» **Assignment**: The entries below should appear again in your reply, word for word.

..............................

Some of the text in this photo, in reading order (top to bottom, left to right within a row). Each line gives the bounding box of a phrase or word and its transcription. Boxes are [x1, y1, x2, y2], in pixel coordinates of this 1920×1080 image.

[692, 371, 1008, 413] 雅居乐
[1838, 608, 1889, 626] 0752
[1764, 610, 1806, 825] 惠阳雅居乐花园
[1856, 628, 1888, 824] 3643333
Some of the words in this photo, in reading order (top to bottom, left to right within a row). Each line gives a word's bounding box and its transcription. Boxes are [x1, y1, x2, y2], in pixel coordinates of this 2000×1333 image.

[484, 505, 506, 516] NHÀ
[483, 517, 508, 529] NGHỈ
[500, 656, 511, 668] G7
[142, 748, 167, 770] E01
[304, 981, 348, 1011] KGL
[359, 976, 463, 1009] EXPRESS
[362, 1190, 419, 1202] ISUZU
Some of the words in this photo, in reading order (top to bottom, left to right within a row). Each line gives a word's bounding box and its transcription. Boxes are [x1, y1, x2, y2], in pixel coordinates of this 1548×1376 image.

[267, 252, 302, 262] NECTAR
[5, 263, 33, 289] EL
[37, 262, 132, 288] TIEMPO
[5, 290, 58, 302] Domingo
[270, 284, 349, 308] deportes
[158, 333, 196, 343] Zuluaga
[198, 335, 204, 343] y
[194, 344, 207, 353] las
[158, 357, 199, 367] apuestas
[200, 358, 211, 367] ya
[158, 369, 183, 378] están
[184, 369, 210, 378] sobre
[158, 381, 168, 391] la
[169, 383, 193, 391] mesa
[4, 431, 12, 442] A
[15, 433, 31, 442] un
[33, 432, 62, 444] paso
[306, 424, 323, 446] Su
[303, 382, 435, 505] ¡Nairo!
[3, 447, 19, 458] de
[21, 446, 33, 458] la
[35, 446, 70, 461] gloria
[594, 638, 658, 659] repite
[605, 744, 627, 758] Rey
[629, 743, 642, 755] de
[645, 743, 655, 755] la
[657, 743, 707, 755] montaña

..............................

» **Problem solution**:
Some of the text in this photo, in reading order (top to bottom, left to right within a row). Each line gives the bounding box of a phrase or word and its transcription. Boxes are [x1, y1, x2, y2], in pixel coordinates of this 1920×1080 image.

[692, 371, 1008, 413] 雅居乐
[1838, 608, 1889, 626] 0752
[1764, 610, 1806, 825] 惠阳雅居乐花园
[1856, 628, 1888, 824] 3643333
Some of the words in this photo, in reading order (top to bottom, left to right within a row). Each line gives a word's bounding box and its transcription. Boxes are [x1, y1, x2, y2], in pixel coordinates of this 2000×1333 image.

[484, 505, 506, 516] NHÀ
[483, 517, 508, 529] NGHỈ
[500, 656, 511, 668] G7
[142, 748, 167, 770] E01
[304, 981, 348, 1011] KGL
[359, 976, 463, 1009] EXPRESS
[362, 1190, 419, 1202] ISUZU
Some of the words in this photo, in reading order (top to bottom, left to right within a row). Each line gives a word's bounding box and its transcription. Boxes are [x1, y1, x2, y2], in pixel coordinates of this 1548×1376 image.

[267, 252, 302, 262] NECTAR
[5, 263, 33, 289] EL
[37, 262, 132, 288] TIEMPO
[5, 290, 58, 302] Domingo
[270, 284, 349, 308] deportes
[158, 333, 196, 343] Zuluaga
[198, 335, 204, 343] y
[194, 344, 207, 353] las
[158, 357, 199, 367] apuestas
[200, 358, 211, 367] ya
[158, 369, 183, 378] están
[184, 369, 210, 378] sobre
[158, 381, 168, 391] la
[169, 383, 193, 391] mesa
[4, 431, 12, 442] A
[15, 433, 31, 442] un
[33, 432, 62, 444] paso
[306, 424, 323, 446] Su
[303, 382, 435, 505] ¡Nairo!
[3, 447, 19, 458] de
[21, 446, 33, 458] la
[35, 446, 70, 461] gloria
[594, 638, 658, 659] repite
[605, 744, 627, 758] Rey
[629, 743, 642, 755] de
[645, 743, 655, 755] la
[657, 743, 707, 755] montaña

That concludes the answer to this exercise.